Government commissions cluster around Ridge, the Ministries enclave, the CBD, and the newer agency campuses in Airport City. These are high-occupancy buildings under public scrutiny, and the post-Grenfell shift in façade fire awareness applies directly: a public institution should not carry a combustible PE-core envelope. We specify to the building’s height and occupancy, not to the lowest line in the bill.
What Government Façades Demand
Documented fire performance and core disclosure
The panel core decides fire behaviour — PE (combustible), FR (~70% mineral filler), or A2 (>90% mineral filler, classified A2-s1,d0 to EN 13501-1) — and public buildings should never carry an undisclosed core. For occupied ministry and agency buildings we specify FR or non-combustible A2 cores and supply the EN 13501-1 classification as procurement evidence.
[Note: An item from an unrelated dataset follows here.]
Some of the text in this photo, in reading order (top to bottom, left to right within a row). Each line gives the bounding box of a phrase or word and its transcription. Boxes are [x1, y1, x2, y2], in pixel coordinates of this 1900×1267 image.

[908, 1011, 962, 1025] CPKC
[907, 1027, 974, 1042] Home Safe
Procurement-grade documentation
Public-sector work runs on auditable paper: panel data sheets, fire classifications, sub-frame execution records and as-installed detail. We structure the handover package so a public works inspector or audit can trace every panel to its certification.
Durability across administrations
Civic façades are specified to outlast the administration that commissioned them. Anodised and PVDF/FEVE-coated panels hold colour and line across decades of Accra climate, keeping maintenance demand low on the public purse.
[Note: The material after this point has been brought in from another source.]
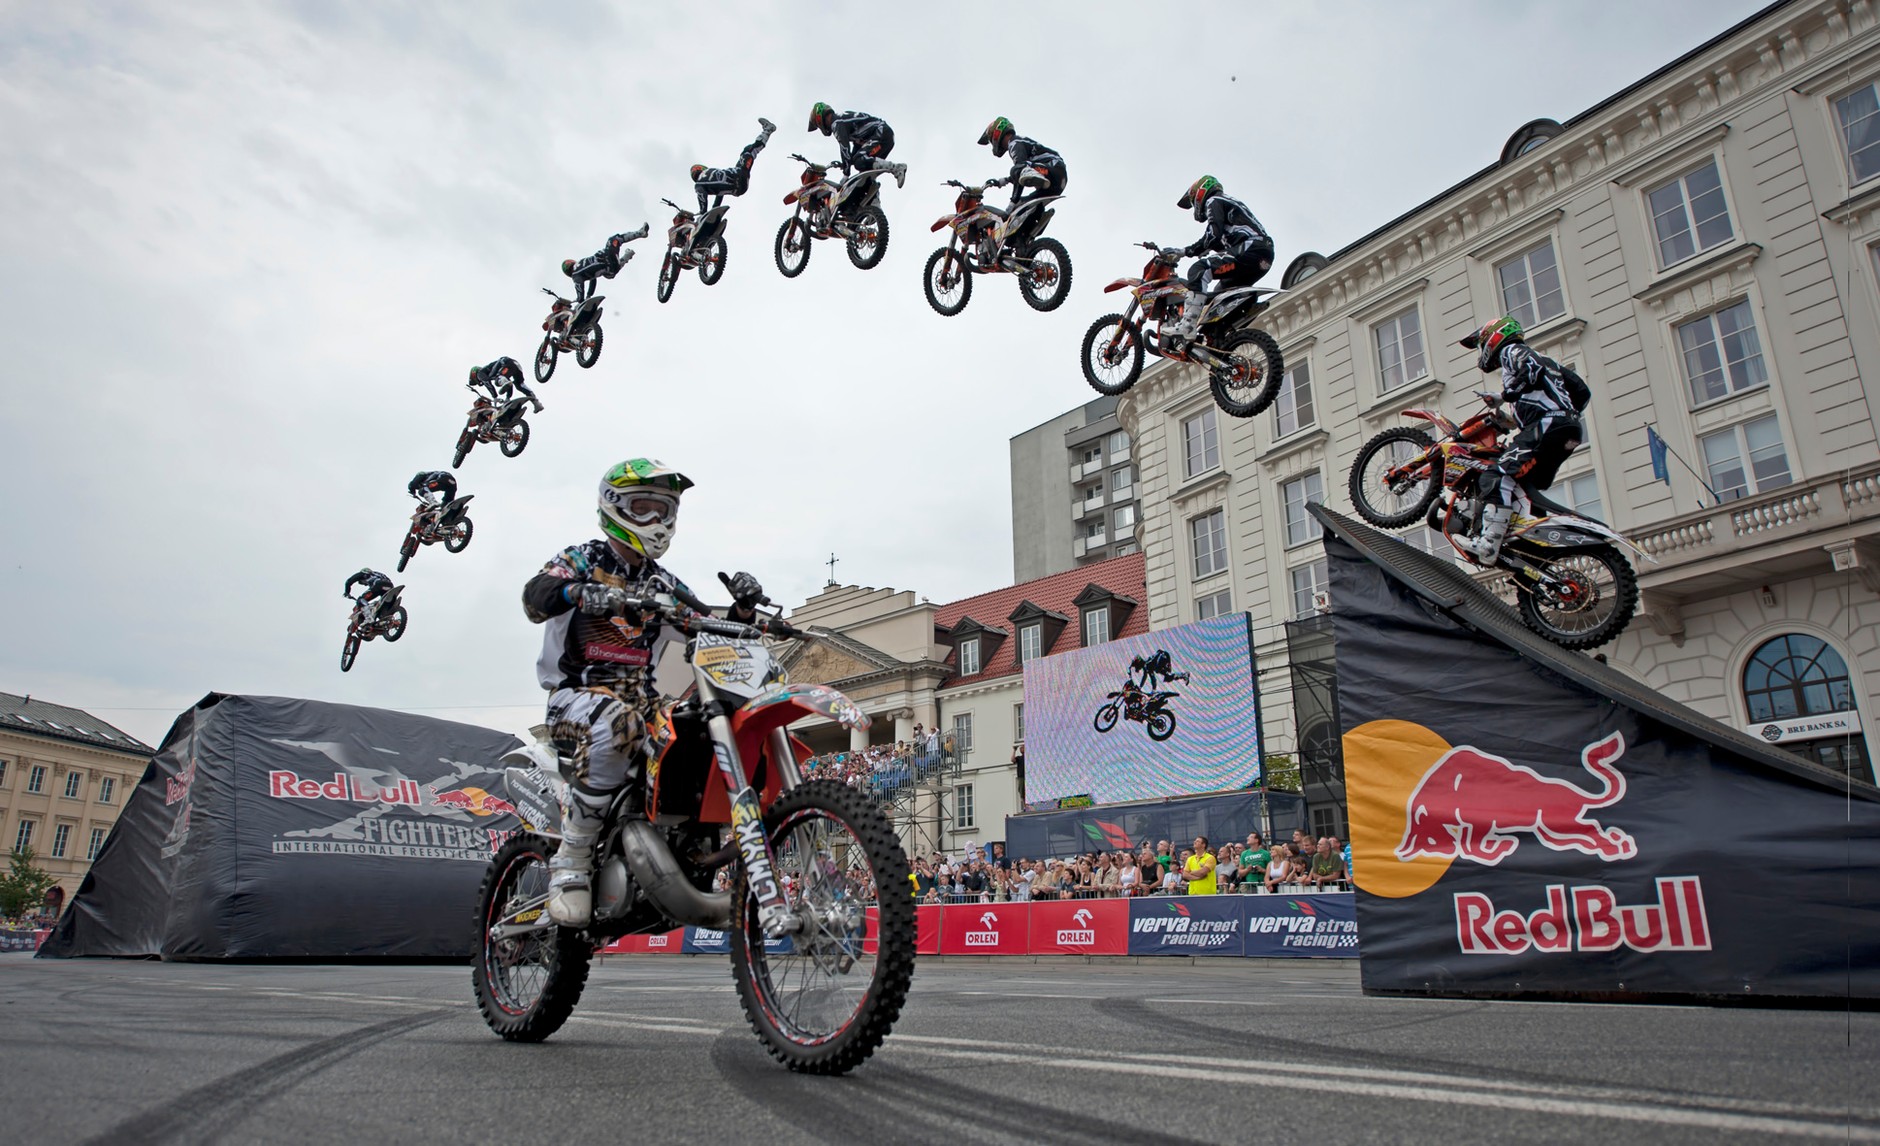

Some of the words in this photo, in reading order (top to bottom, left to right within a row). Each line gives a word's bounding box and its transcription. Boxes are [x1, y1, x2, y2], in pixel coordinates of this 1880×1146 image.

Our Government Cladding Scope
- Fire-Rated ACP Cladding (PE vs FR vs A2) — core selection and EN 13501-1 documentation for high-occupancy public buildings
- Commercial ACP Cladding — ministry and agency tower façades fabricated and installed as a system
- Signage & Wayfinding — institutional identification, crests and public wayfinding in panel
- Retrofit & Re-Cladding — replacing combustible legacy panels on existing public buildings
- ACP Cladding Cost Guide — how core, height and access drive the survey figure
Standards & Fire Safety
- EN 13501-1 — European reaction-to-fire classification (Euroclass); A2-s1,d0 is the target for non-combustible ACP on occupied public buildings
- ASTM E283 / E331 / E330 — air infiltration, water penetration and structural (wind-load) performance of the installed façade system
- EN 1090 — execution of structural steel and aluminium for the sub-frame and bracketry carrying the panel
- PE / FR / A2 cores — specified to occupancy and height; for high-occupancy ministry and agency buildings we specify a non-combustible A2 core where the occupancy demands it, and document the Euroclass
- Coatings (PVDF / PE / FEVE) and anodised finishes specified for weathering — a separate question from the fire core, and named separately
Every classification we cite is the specific panel’s certification, supplied in writing — never a rating the panel does not hold.
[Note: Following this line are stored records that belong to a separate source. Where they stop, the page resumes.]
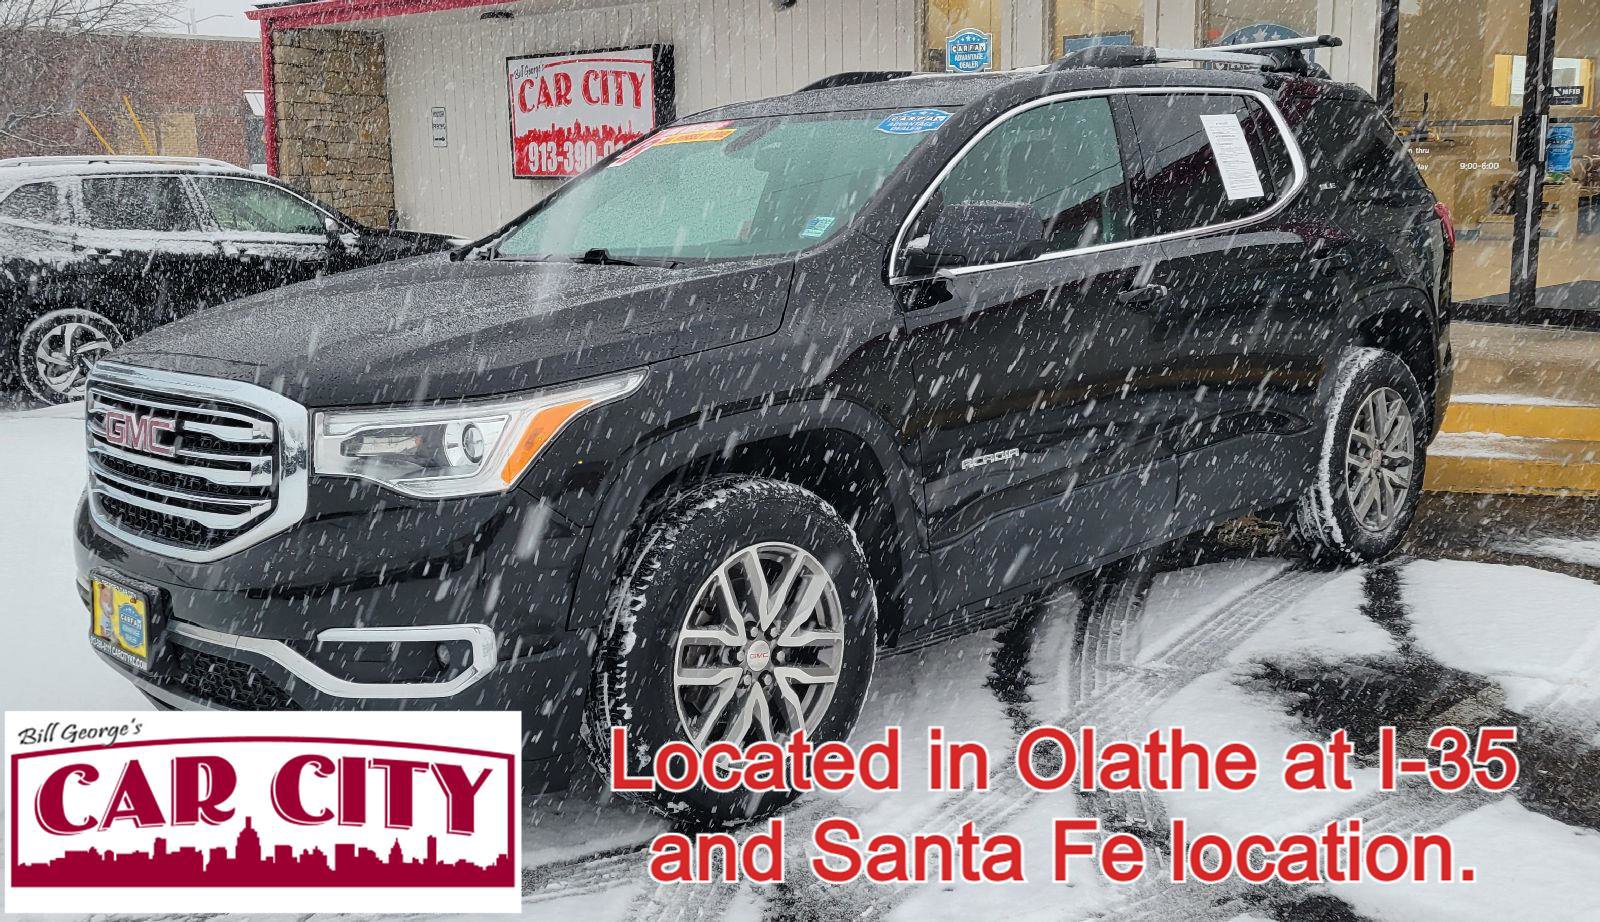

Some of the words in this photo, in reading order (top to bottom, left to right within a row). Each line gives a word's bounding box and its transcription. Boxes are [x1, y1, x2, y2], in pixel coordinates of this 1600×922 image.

[952, 43, 986, 52] CARFAX
[955, 53, 984, 62] ADVANTAGE
[959, 60, 979, 69] DEALER
[518, 72, 573, 114] CAR
[581, 70, 646, 110] CITY
[1459, 162, 1500, 170] 9:00-6:00
[106, 410, 176, 457] GMC
[961, 448, 1019, 470] ACADIA
Government & Institutional Façades Across Accra
Alucobond Ghana serves public-sector clients across Ridge, the Ministries enclave, the CBD, Cantonments and Airport City, with capacity in Tema — and beyond Greater Accra in Kumasi and Takoradi, and across the border in Lomé, Togo, where we hold a standing presence. Cost is established on survey: the core specified, building height, and access decide the figure. Indicative ACP material references run roughly US$2–8/m² depending on core and coating; the installed figure is quoted only after survey.